Wolfen pushed himself off the doorframe. "Well, since you've got it all figured out," he said, dusting his hands. "I'll be leaving tomorrow."

The statement hit like a physical blow.

"What?" Derek said.

"Leaving? To where?" Leo asked.

"To find my sister," Wolfen said, his tone casual, but his golden eyes were chips of hard amber. "The Architect wasn't bluffing. They know where she is. Which means they have her. Or had her. I'm going to find out which."

"We can help—" Eva began.

"You have a flock to shepherd," Wolfen interrupted, nodding at the group, at Maya. "And a mountain to hide in. My path is a solitary one. And frankly, you'd just slow me down."

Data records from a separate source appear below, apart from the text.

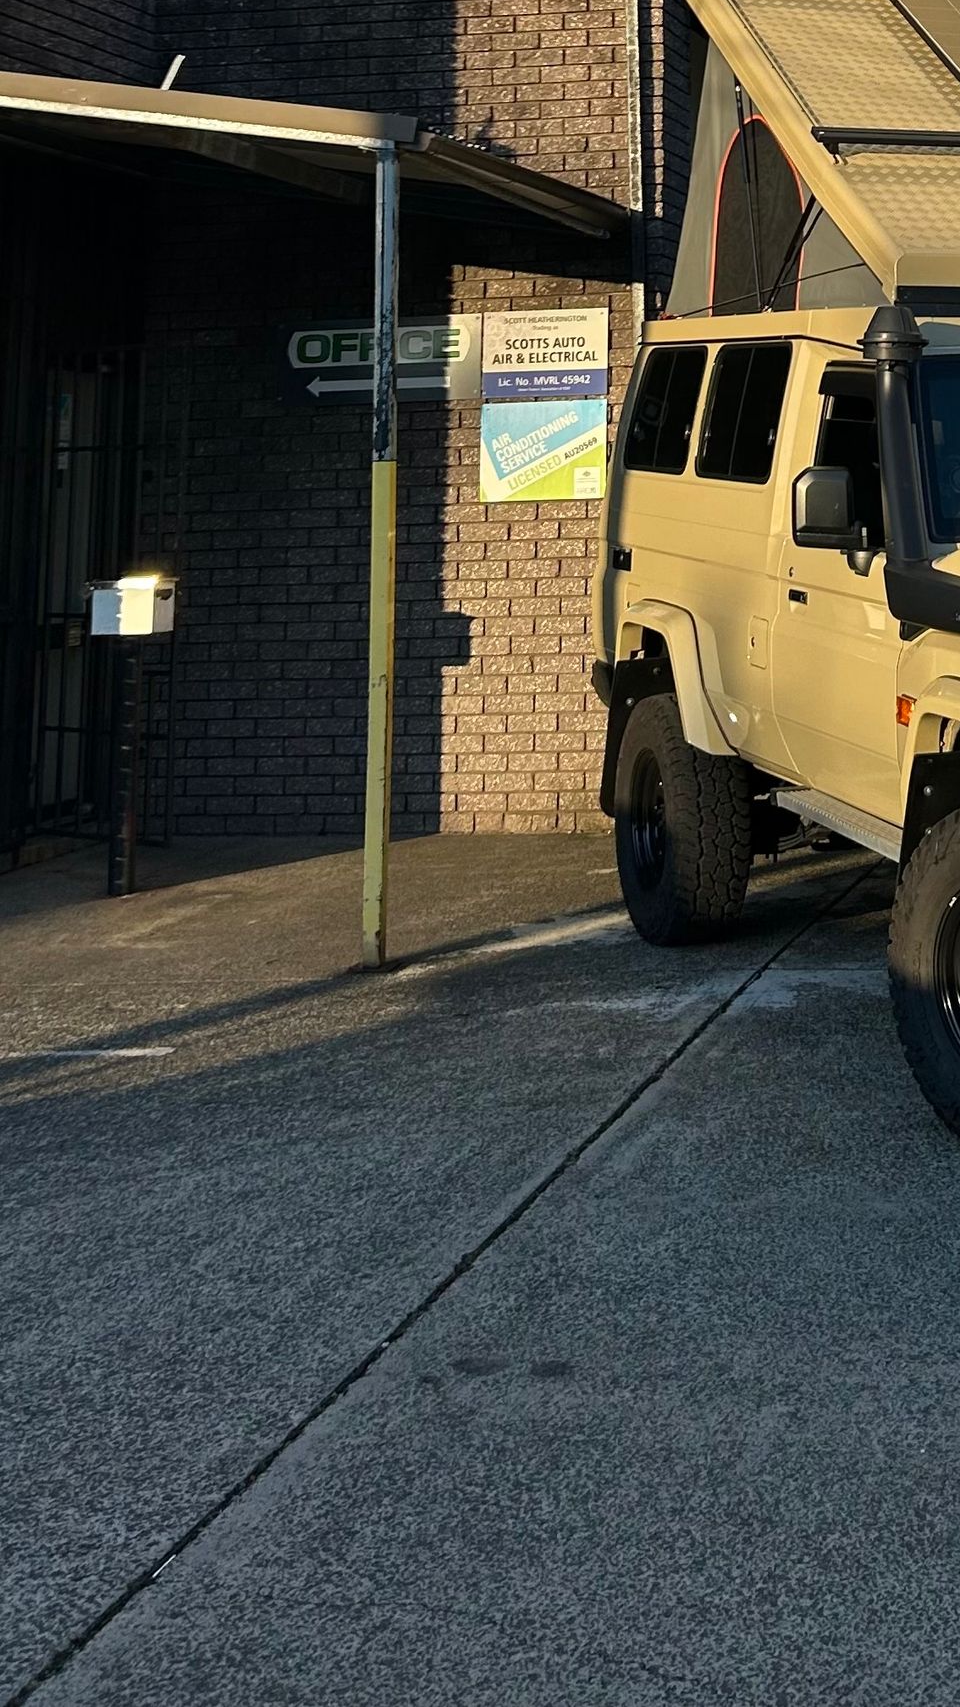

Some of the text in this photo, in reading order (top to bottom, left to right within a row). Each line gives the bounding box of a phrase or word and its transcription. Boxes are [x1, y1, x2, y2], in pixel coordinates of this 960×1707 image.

[297, 328, 461, 364] OFFCE
[505, 336, 586, 350] SCOTTS AUTO
[492, 351, 599, 365] AIR & ELECTRICAL
[498, 374, 591, 387] Lic. No. MVRL 45942
[491, 432, 513, 452] AIR
[495, 411, 579, 462] CONDITIONING
[500, 440, 549, 474] SERVICE
[507, 454, 562, 491] LICENSED
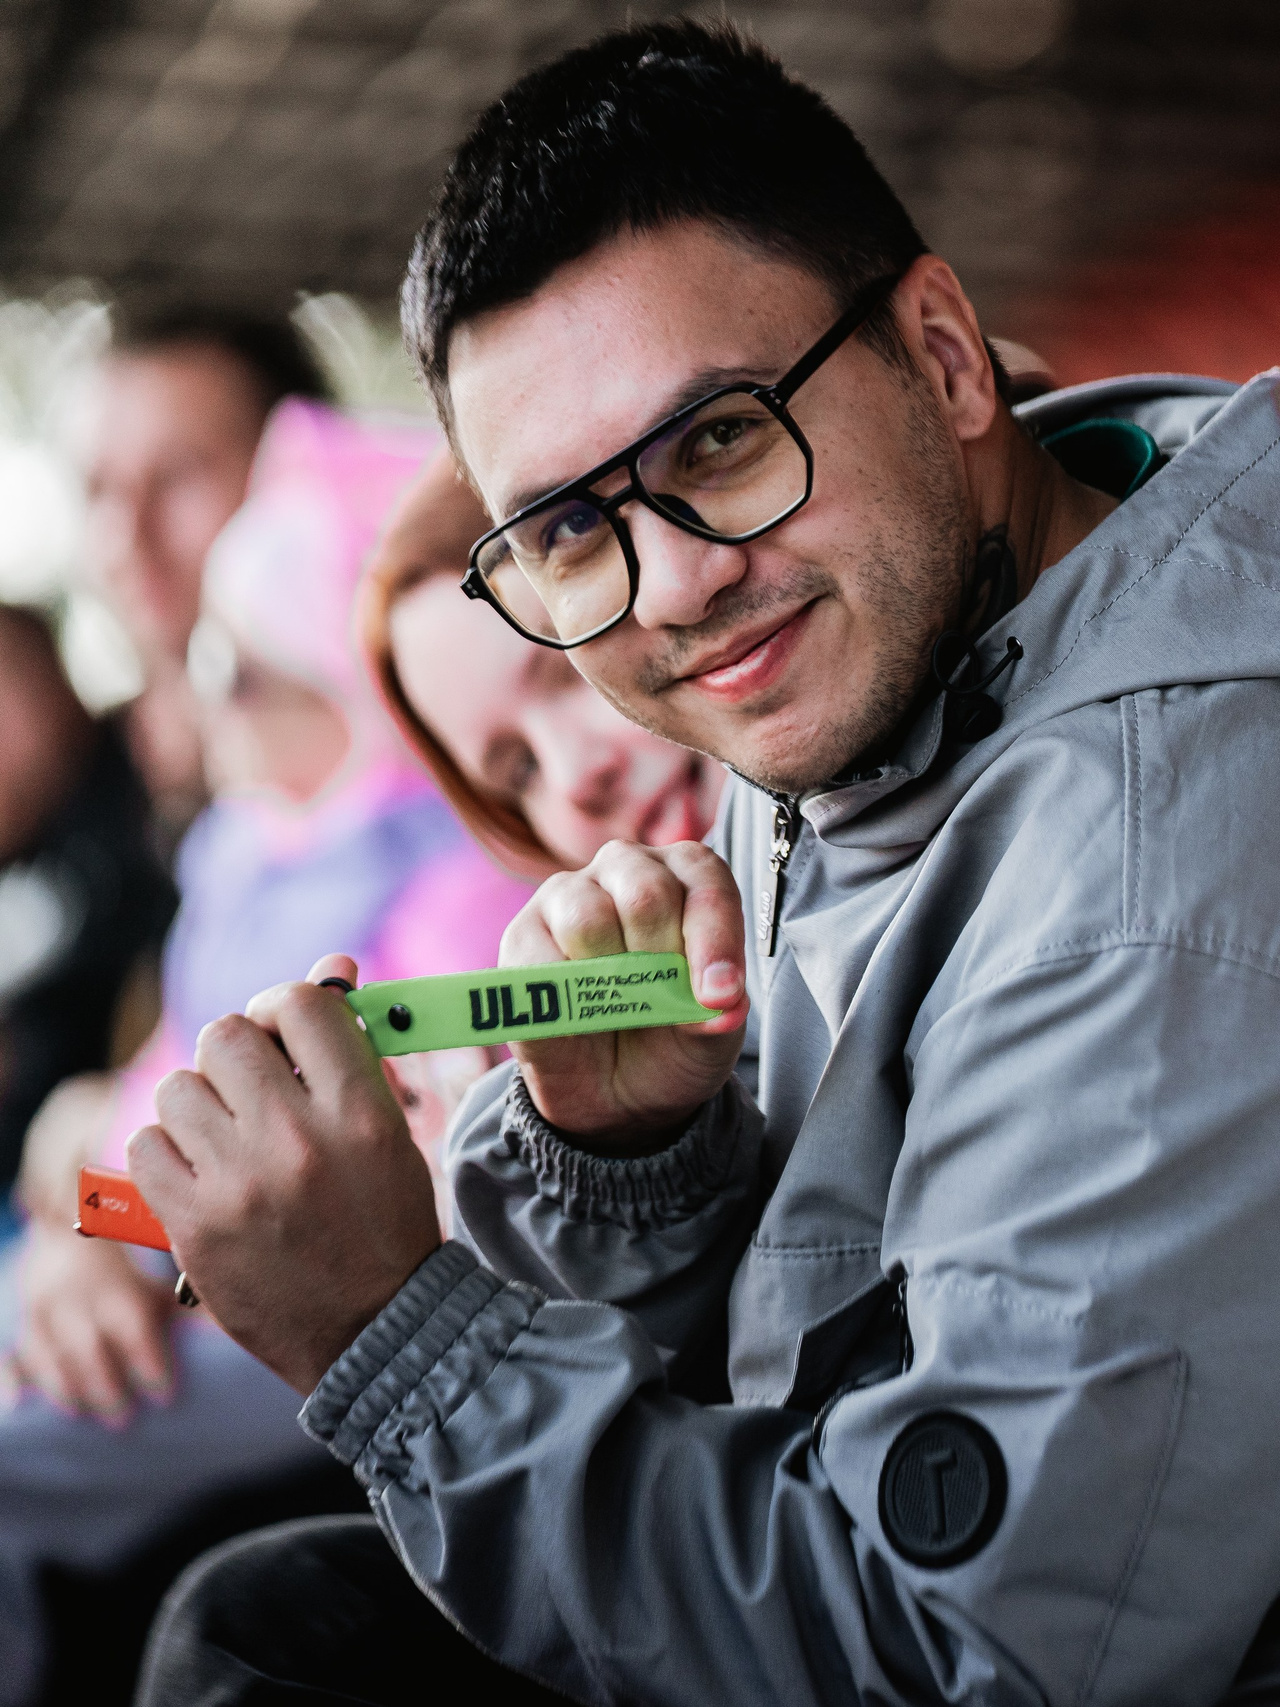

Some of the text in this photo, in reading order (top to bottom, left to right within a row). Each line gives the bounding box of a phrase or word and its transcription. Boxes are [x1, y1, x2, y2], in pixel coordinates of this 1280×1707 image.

[574, 967, 678, 988] УРАЛЬСКАЯ
[577, 988, 622, 1002] ЛИГА
[468, 980, 561, 1032] ULD
[579, 1001, 652, 1020] ДРИФТА
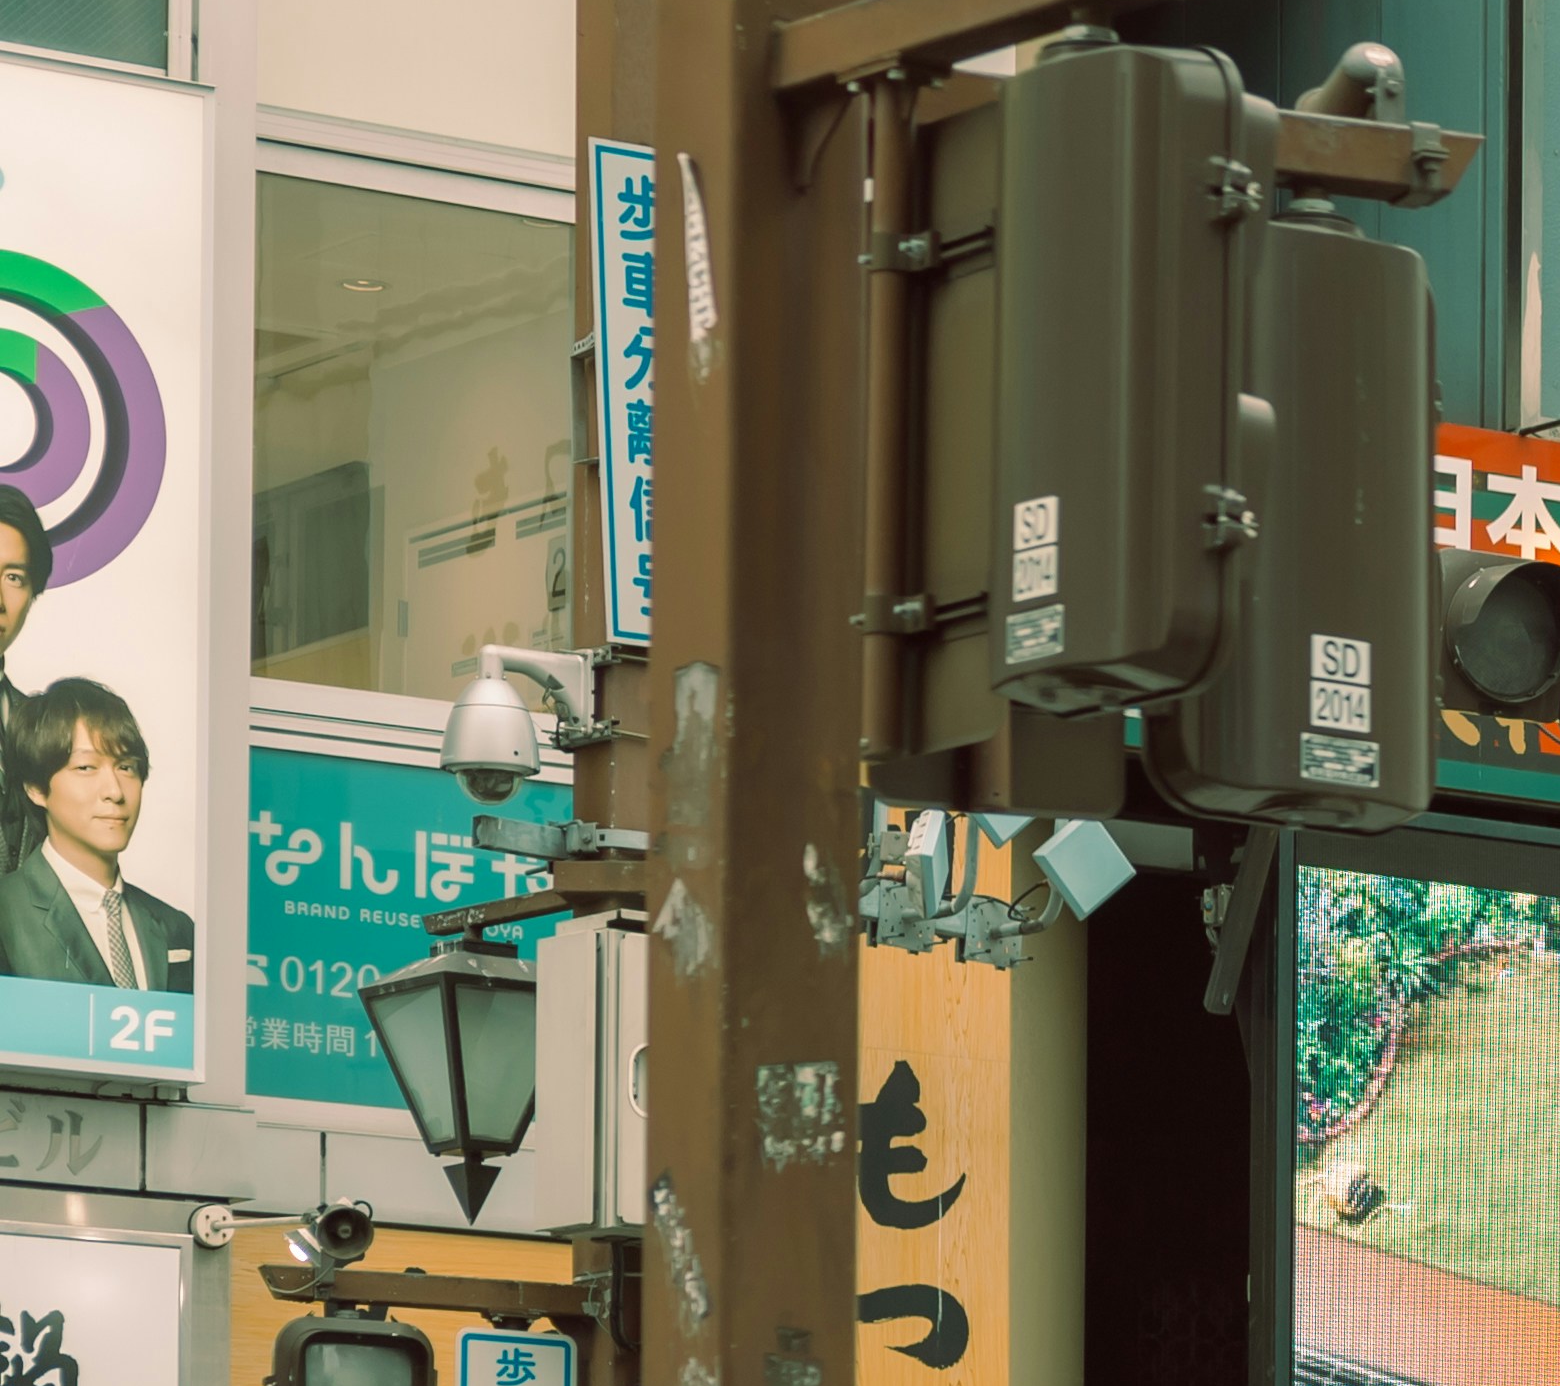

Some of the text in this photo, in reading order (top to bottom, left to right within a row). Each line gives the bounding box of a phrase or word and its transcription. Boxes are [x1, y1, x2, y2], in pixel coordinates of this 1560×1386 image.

[1321, 640, 1361, 677] SD
[1314, 688, 1365, 728] 2014
[284, 899, 350, 921] BRAND
[359, 908, 421, 929] REUSE
[109, 1005, 177, 1052] 2F
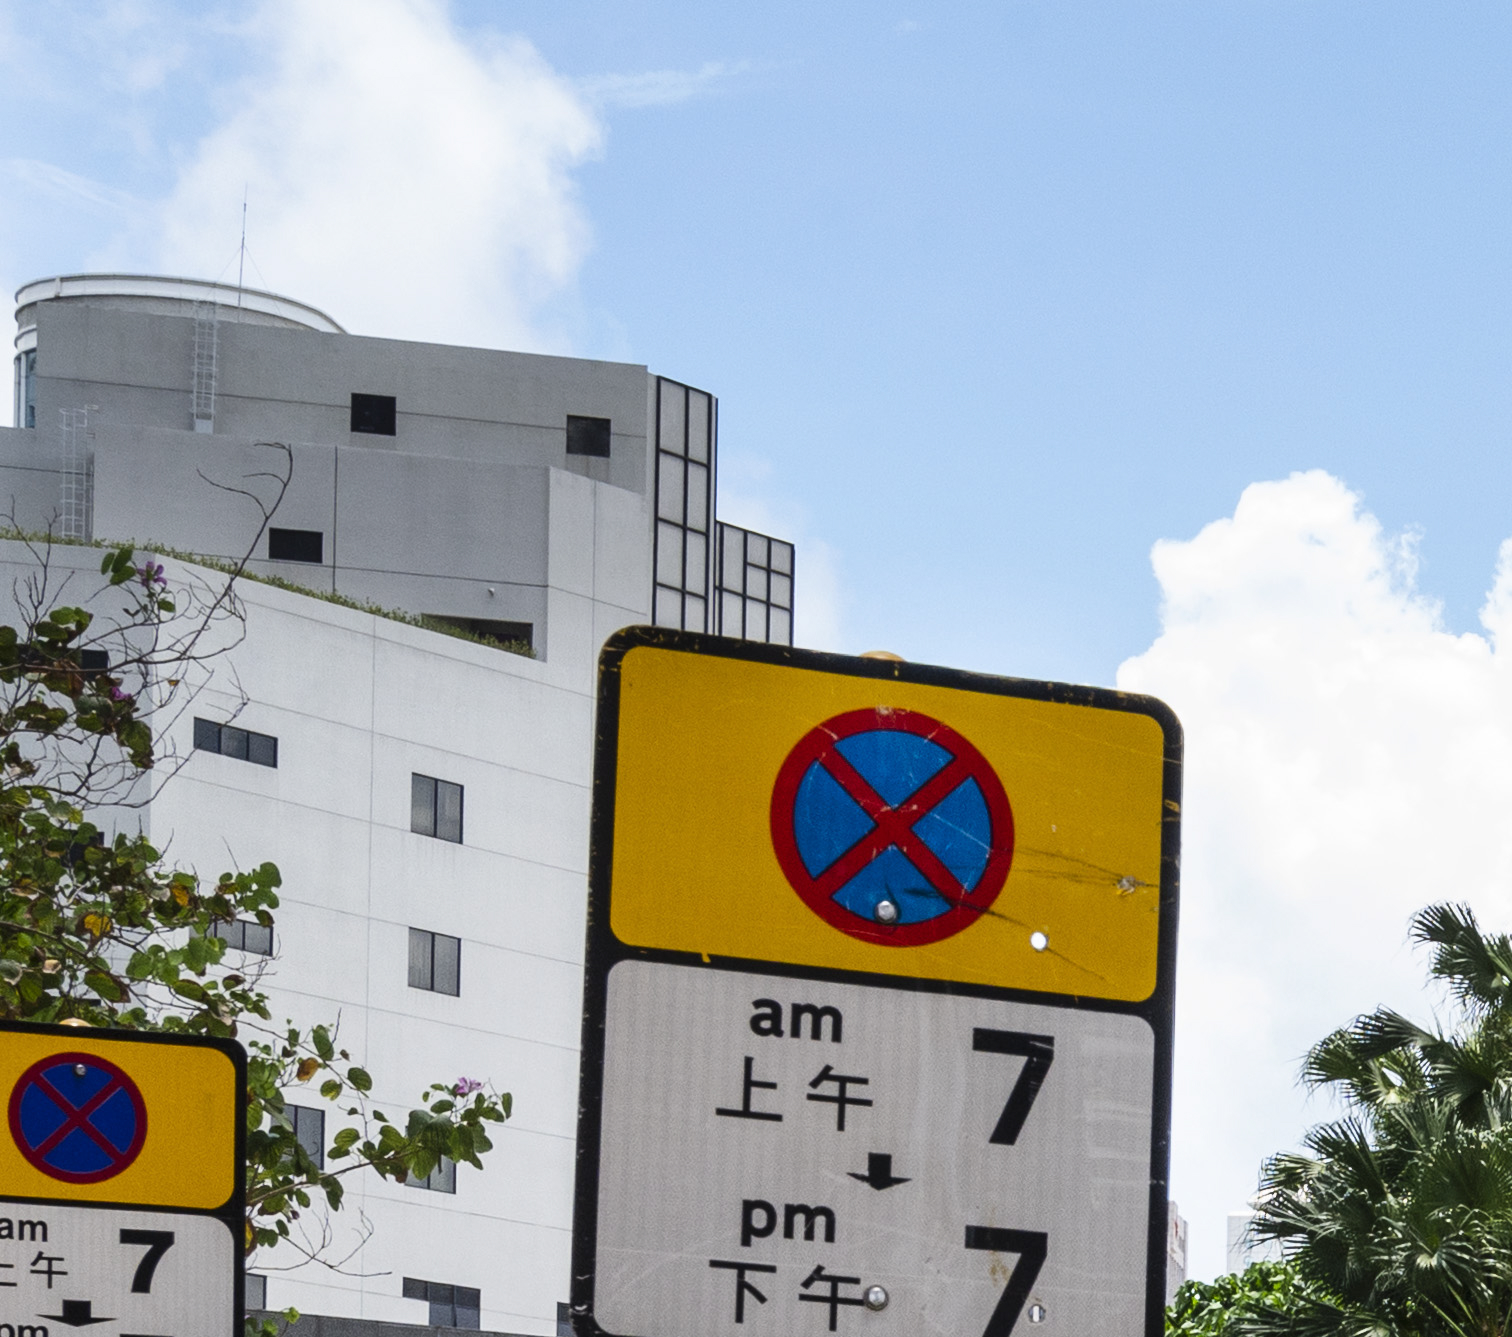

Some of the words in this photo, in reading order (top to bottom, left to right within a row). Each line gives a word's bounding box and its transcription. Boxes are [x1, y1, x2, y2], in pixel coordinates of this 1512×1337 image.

He walked toward the front door, pulling it open. A flurry of snow swirled in.

"Wait—" Derek started.

"I'm hungry," Wolfen announced to no one in particular, stepping out into the white void. "Going to see if I can find a yeti. They're usually gristly, but in a stew…"

The door swung shut behind him, cutting off the rest of his sentence and leaving the four of them in the sudden, heavy quiet of the firelit room, the weight of leadership, the burden of their broken friend, and the absence of their most powerful ally settling around them like the falling snow.